Since its start as a pilot program in 2003, the system has identified about 24 people suspected of homicide, 55 of rape and 225 of assault, according to Border Patrol statistics.
The system, installed over a six-month period ending in September, has made it difficult for suspects to flee the country and then return. That was common in the past when undocumented border-crossers who had criminal records or outstanding warrants often were simply deported because agents lacked tools to quickly investigate criminal histories.
The surge in arrests probably will strain the ability of federal agencies to house and prosecute criminal undocumented immigrants, law enforcement experts say.

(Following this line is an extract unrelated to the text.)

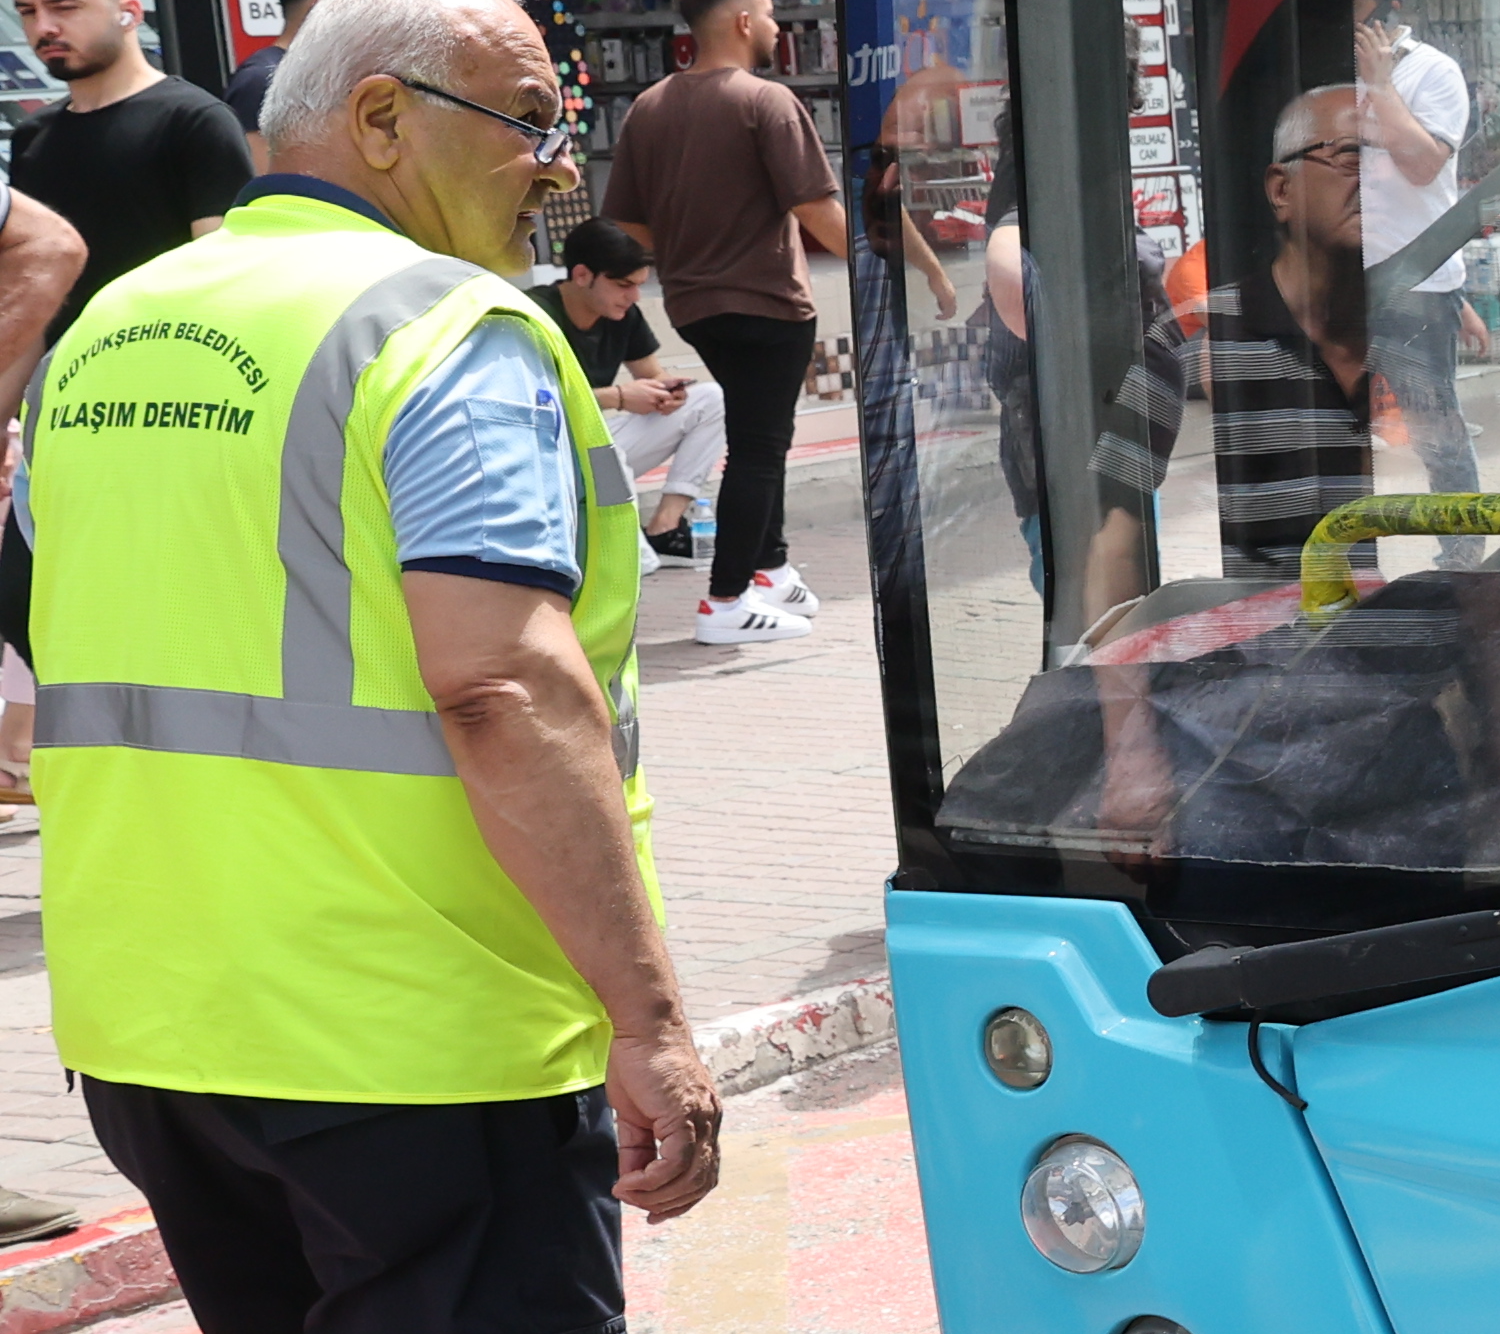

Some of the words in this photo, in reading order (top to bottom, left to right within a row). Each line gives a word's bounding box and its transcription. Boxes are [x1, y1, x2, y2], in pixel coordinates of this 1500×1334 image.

[57, 319, 172, 393] BÜYÜKŞEHİR
[174, 322, 270, 394] BELEDİYESİ
[50, 401, 138, 434] ULAŞIM
[142, 398, 255, 435] DENETİM

How the Border Patrol handles the people it identifies depends on their records. People who have active warrants against them are handed over to the agencies that issued the warrants. Those with violent criminal records can be prosecuted for illegally re-entering the country and face potential 20-year prison terms.
People stopped at the border who have prior convictions for non-violent crimes, the majority of cases, are usually expelled from the country, Border Patrol officials say.
Among those apprehended:
Leonardo Villareal Roman, a 28-year-old Mexican citizen, who was wanted by police in Santa Maria, accused of hacking a co-worker to death with a meat cleaver in 1999. When apprehended near Douglas in July 2003, Roman reportedly resisted and tried to take a gun from a Border Patrol agent.
Juan Chavez-Diaz, 32, a registered sex offender, wanted by police in Petaluma, Calif., for a probation violation and captured in Arizona after crawling under the border fence near Naco. He was convicted in October 2003 of sexually abusing a young relative.
The value of the new technology has been most dramatically demonstrated in Arizona, the main crossing point for undocumented immigrants, where agents last October apprehended an average of 40 criminal undocumented immigrants per day, according to Border Patrol statistics.